Daily FX Wrap: Risk aversion takes hold as JPY demand picks up. AUD also targeted while CAD gains also arrested. GBP still fighting back, not necessarily on CPI beat. EUR pushing higher through 1.0600 on risk aversion flow.

Another day of risk aversion, but by no means panic stations just yet compared to (not too) recent episodes. Fresh into the new Japanese fiscal year, JPY (re)divestment has yet to take hold, so this may well be having an impact of the scale and pace of repatriation flow we are used to seeing in times of geopolitical tension and risk off. The latest escalation of sabre rattling between the US and North Korea is cause for ‘repositioning’ at the very least, and to this end, we see USD/JPY vulnerable ahead of 110.00, with notable stops through the figure and 109.50 in the line of fire. Plenty of fresh demand mixed in here, but sellers will have the upper hand – initially – through 110.00.

As such, the market focus on data is a little distracted, and this in spite of Chinese inflation numbers out overnight, while in Japan, core machinery orders, PPI and unemployment are all on tap in the Asian session ahead.

The AUD is likely to remain on the backfoot accordingly, and only managing a tentative reclaim of the 0.7500 handle. Westpac consumer confidence overnight will be largely overlooked as traders await the key employment release on Thursday. Losses elsewhere were temporarily contained against NZD only, but further downside returned once Wall Street reflected the nervousness in the market.
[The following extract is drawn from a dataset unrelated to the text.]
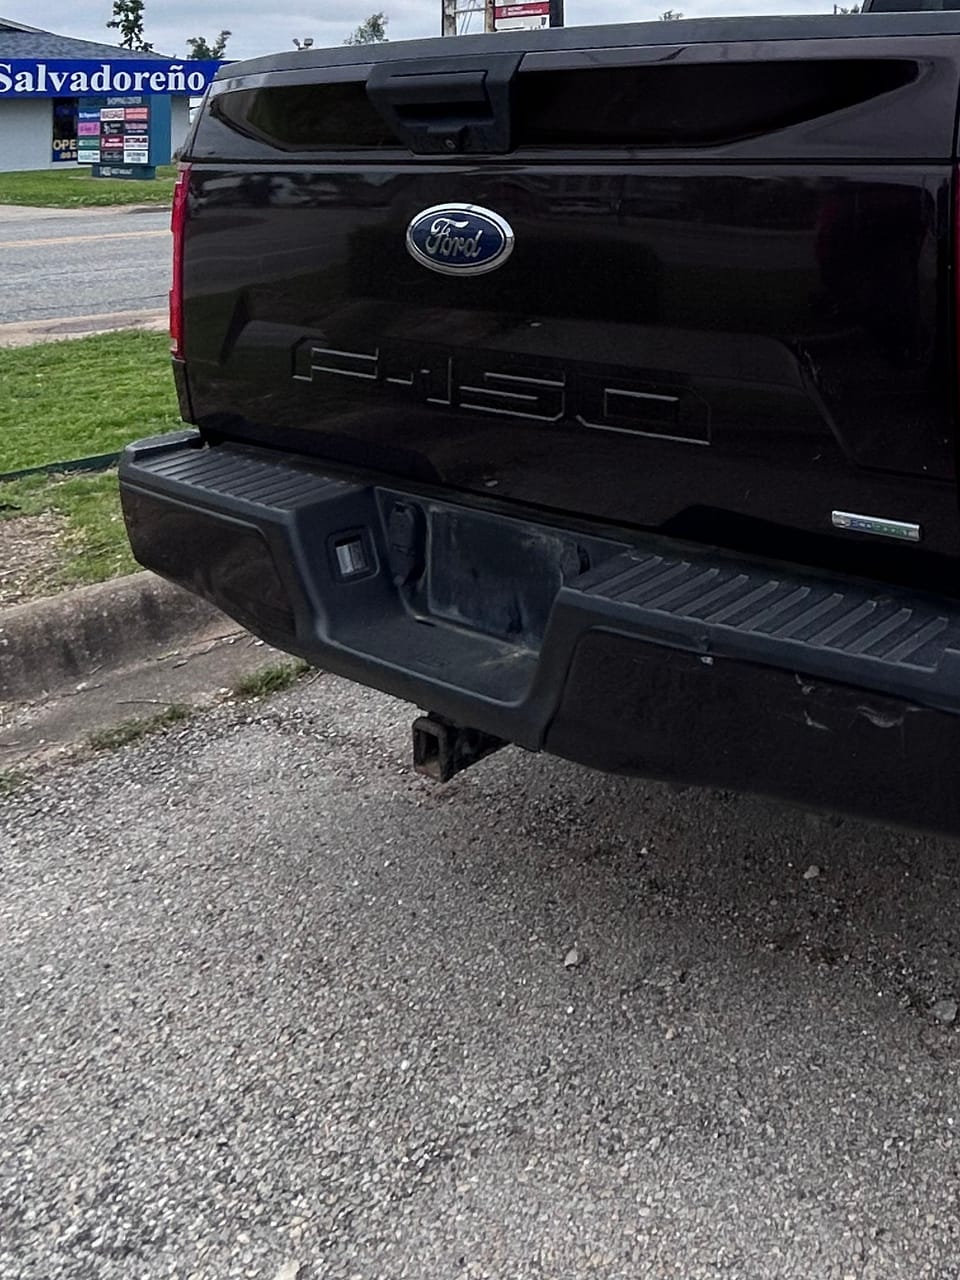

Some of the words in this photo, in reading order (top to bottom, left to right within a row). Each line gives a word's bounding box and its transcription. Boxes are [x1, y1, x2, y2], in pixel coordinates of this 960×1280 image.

Fresh lows seen vs the JPY (naturally) while we have dipped below parity vs the CAD.

Fast forward to the North American session and it is all eyes on the BoC rate decision, but no change in policy expected. However, governor Poloz – who speaks later in the day – and Co have been pretty cautious in their accompanying statements of late, but they will be hard pressed to gloss over the much improved domestic growth and payrolls data of late. USD/CAD in the meantime has rejected the upper 1.3400’s, but on the downside has stalled ahead of 1.3300 with buyers coming in here on the negative risk correlation.
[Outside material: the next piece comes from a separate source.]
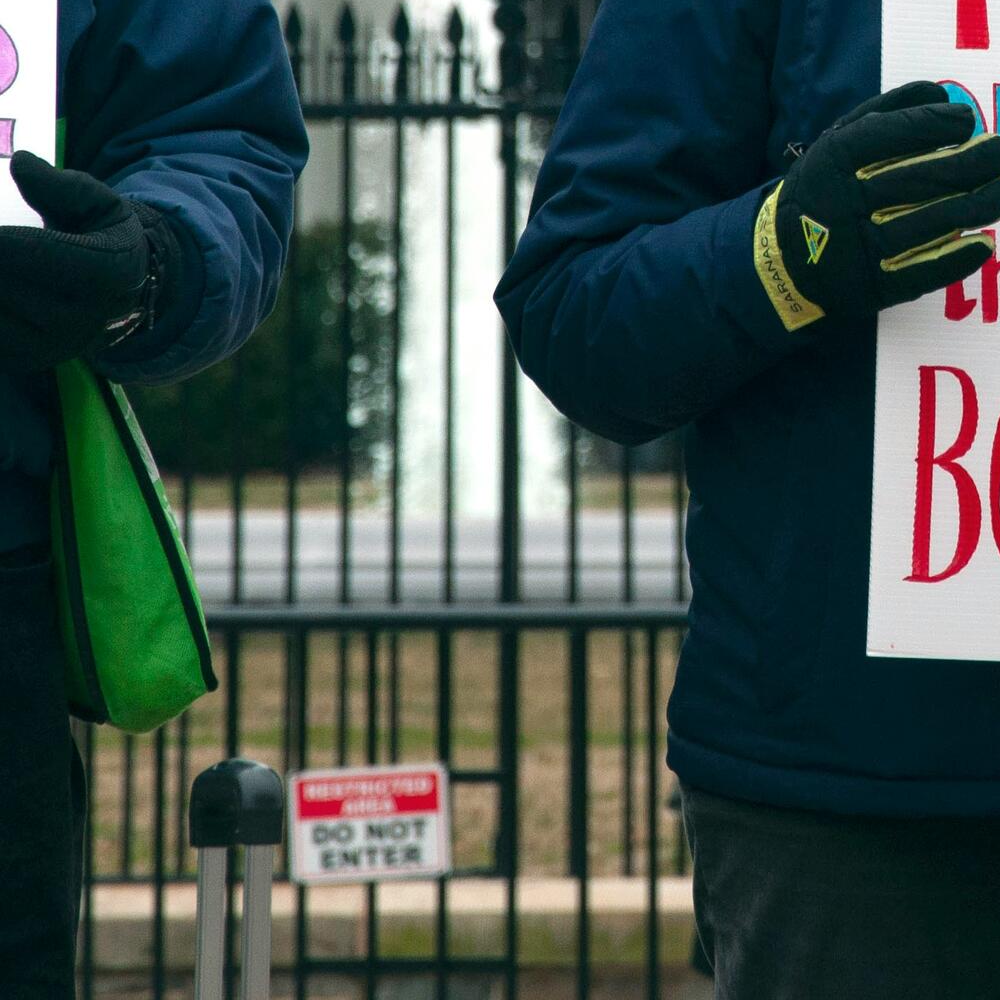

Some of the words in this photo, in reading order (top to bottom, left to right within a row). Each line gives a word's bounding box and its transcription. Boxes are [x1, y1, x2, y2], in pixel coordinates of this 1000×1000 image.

Onto Europe, and little on the continent to note, but in the UK we have the key employment report, which is ever more under scrutiny given the ‘harmful’ effects of exchange rate led inflation. In the overnight session on Tuesday, we saw the BRC retail sales monitor slip under the radar, but showing a larger miss than the -0.5% expected year on year to March, recording -1.0%. Headline CPI today came in at a slightly higher than expected +0.4% in March, but catching the eye were the much higher than expected PPI/input prices which hurts the manufacturing sector. Wednesday data relates to Feb, with average earnings ex bonus seen moderating from 2.3% to 2.1%. No change in the unemployment rate expected, while the
claimant count is seen falling by 3k. Cable found some support at 1.2370 on Monday, but along with EUR/GBP maintains a tight range as traders here await the mood of the Brexit negotiations ahead. Weak numbers tomorrow will naturally see another adjustment lower.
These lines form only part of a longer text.